Normandy’s varied coastline is a huge draw for holidaymakers of all ages, but turn your back on the shoreline and the interior of this historic region serves up an equally rich menu of delights, whether you hanker after heritage towns and villages, outdoor activities, or simply want to experience the authentic Norman lifestyle.
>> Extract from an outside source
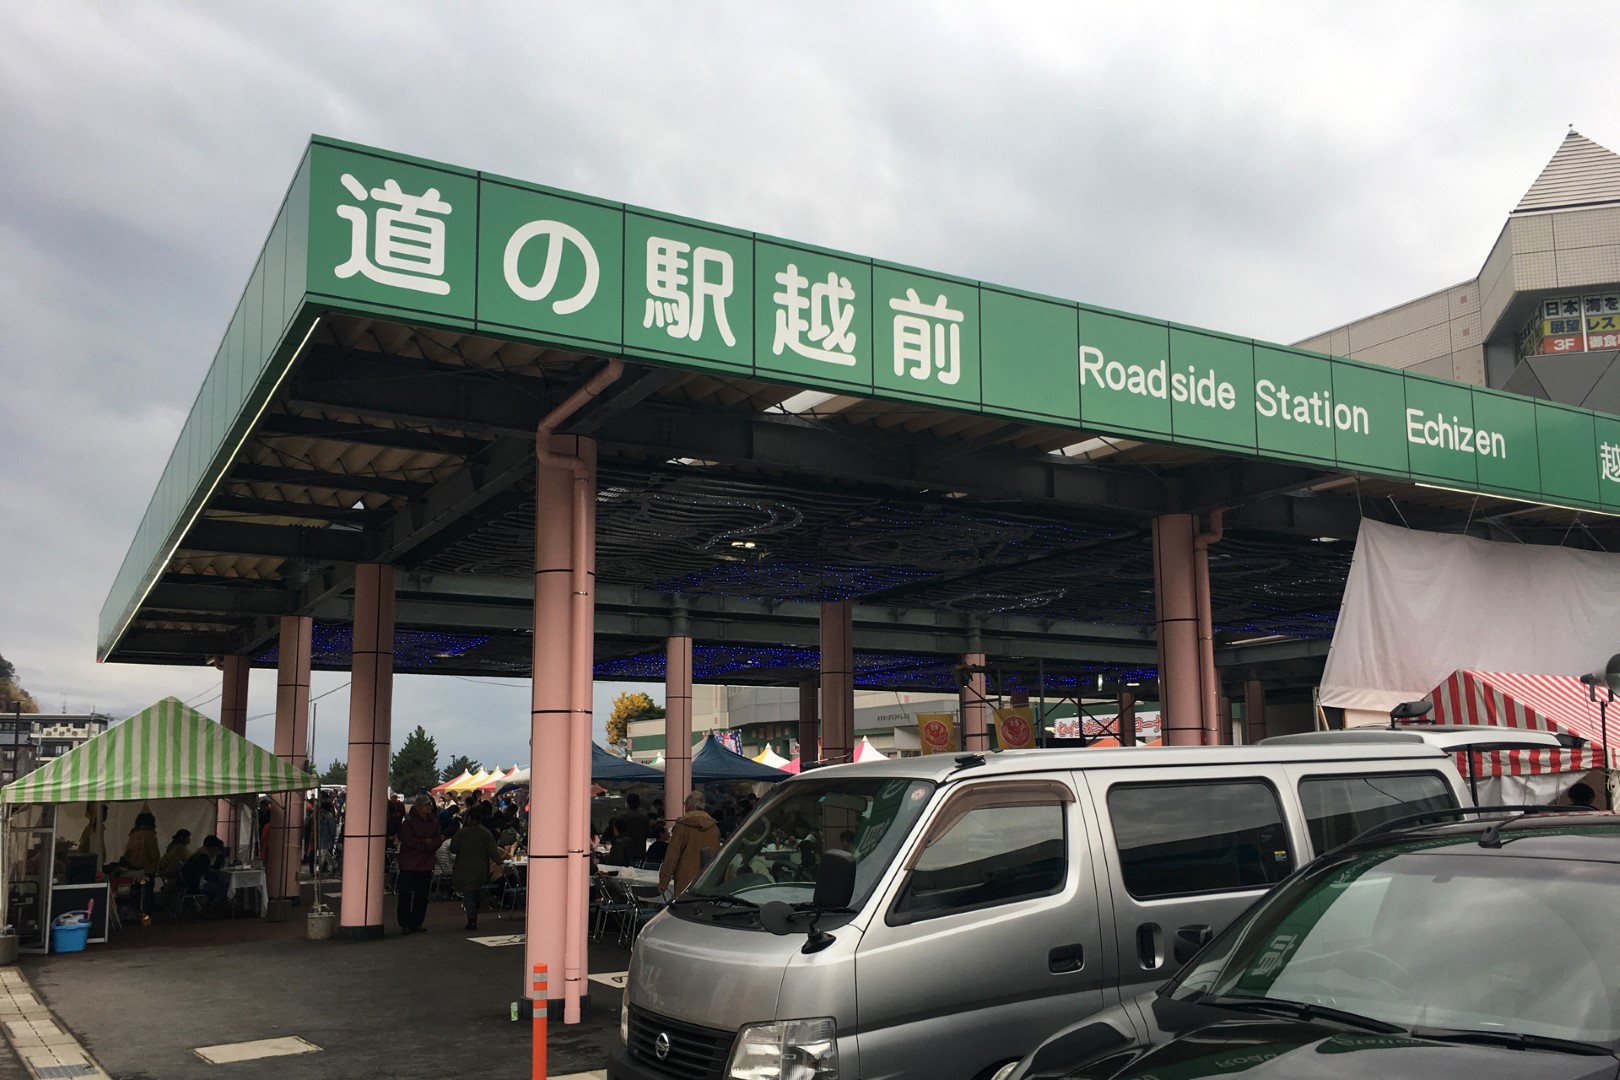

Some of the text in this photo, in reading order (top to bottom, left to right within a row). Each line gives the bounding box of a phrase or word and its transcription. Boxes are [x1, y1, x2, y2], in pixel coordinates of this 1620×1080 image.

[333, 173, 965, 386] 道の駅越前
[1545, 296, 1619, 317] 日本海を
[1553, 337, 1575, 351] 3F
[1079, 345, 1507, 459] Roadside Station Echizen
Distances are modest, roads are quiet, and it’s easy to avoid motorways with their mounting tolls, so I planned a motorised meander around inland Normandy. With agriculture still dominant, every bend in the road reveals a new view, from the marshland of the Cotentin peninsula to the orchards of the Pays d’Auge and the rocky crags of the Suisse Normande to the bocage landscape of hedgerow-lined fields.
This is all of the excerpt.